When working with the BufferedImage class in Java, I usually use the constructor with parameters int width, int height, int type. For a certain application, though, I wanted an image which would store the color data using bytes in the order ARGB, which can't be done in that way (it has only TYPE_4BYTE_ABGR).

I found the following solution, which worked fine:

    WritableRaster raster = Raster.createInterleavedRaster(DataBuffer.TYPE_BYTE, width, height, 4, null);
    ColorModel colorModel = new ComponentColorModel(ColorSpace.getInstance(ColorSpace.CS_sRGB), new int[]{8,8,8,8}, true, false, ColorModel.TRANSLUCENT, DataBuffer.TYPE_BYTE);
    img = new BufferedImage(colorModel, raster, false, new Hashtable<>());

I don't understand why this works?

Though - I understand that the WritableRaster is the data structure that holds the pixel data of the picture, but past that I am lost.

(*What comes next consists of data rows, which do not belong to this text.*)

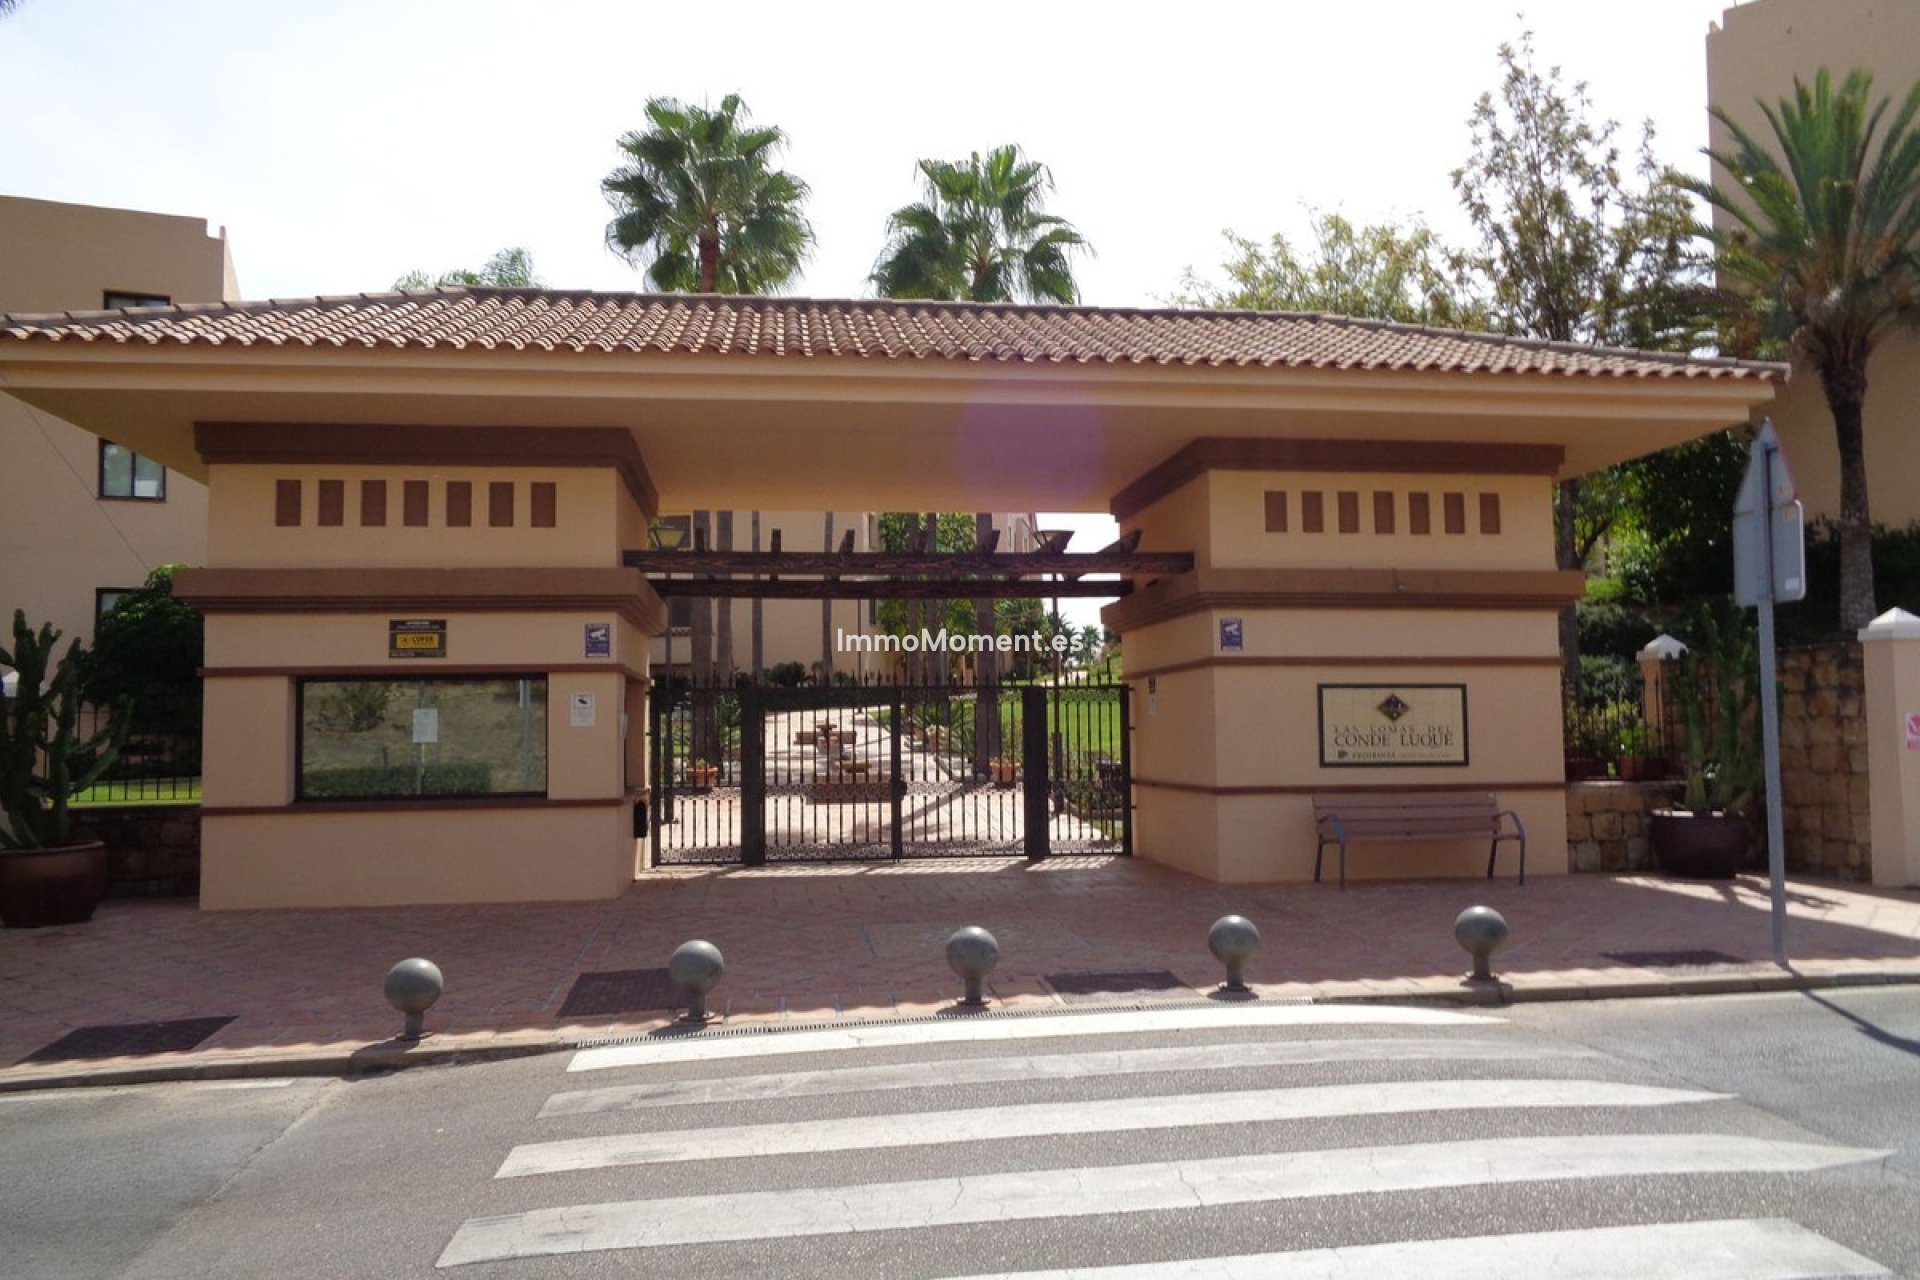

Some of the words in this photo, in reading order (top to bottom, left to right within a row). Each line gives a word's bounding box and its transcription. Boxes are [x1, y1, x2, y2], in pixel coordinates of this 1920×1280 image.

[1333, 725, 1360, 736] LAS
[1369, 725, 1415, 736] LOMAS
[1428, 725, 1454, 736] DEL
[1333, 734, 1389, 747] CONDE
[1400, 734, 1454, 749] LUQUE

Which of these two objects - the Raster, or the ColorModel - determines that the pixel data is in the order RGBA? And how could I simulate any of the types in BufferedImage's (int, int, int) constructor using the (ColorModel, WritableRaster, boolean, HashTable) constructor?

1条回答
2楼-- · 2019-06-11 01:32

It's the method

Raster.createInterleavedRaster(DataBuffer.TYPE_BYTE, width, height, 4, null);

...that specifies the byte order. It does so implicitly, by assuming for 4 bands, you want the band offsets to be 0, 1, 2, 3 (which corresponds to RGBA; see the source for details). For RGB color space, band 0 = Red, 1 = Green, 2 = Blue and 3 = Alpha.

If you wanted a different order, you could have used a different factory method, for instance to create a raster with ARGB order:

Raster.createInterleavedRaster(DataBuffer.TYPE_BYTE, width, height, 
                               width * 4, 4, new int[] {3, 0, 1, 2}, null);

Both of these methods will create an instance of PixelInterleavedSampleModel for you, and it's this SampleModel that really controls the sample order.

For how the BufferedImage(int, int, int) constructor works, and how you could do similar things, I think the best would be to just look at the source code for yourself. It's basically one big switch statement, where for each constant TYPE_* it creates a WritableRaster and a ColorModel similar to how you do it above.

For example:

ColorModel colorModel = ColorModel.getRGBdefault();
WritableRaster raster = colorModel.createCompatibleWritableRaster(width, height);

new BufferedImage(colorModel, raster, colorModel.isAlpahPremultiplied(), null); 

...will create an image with type TYPE_INT_ARGB (the way this reverse lookup actually works is somewhat nasty, but it works... :-)). If no corresponding type exists in BufferedImage the type will be TYPE_CUSTOM (0).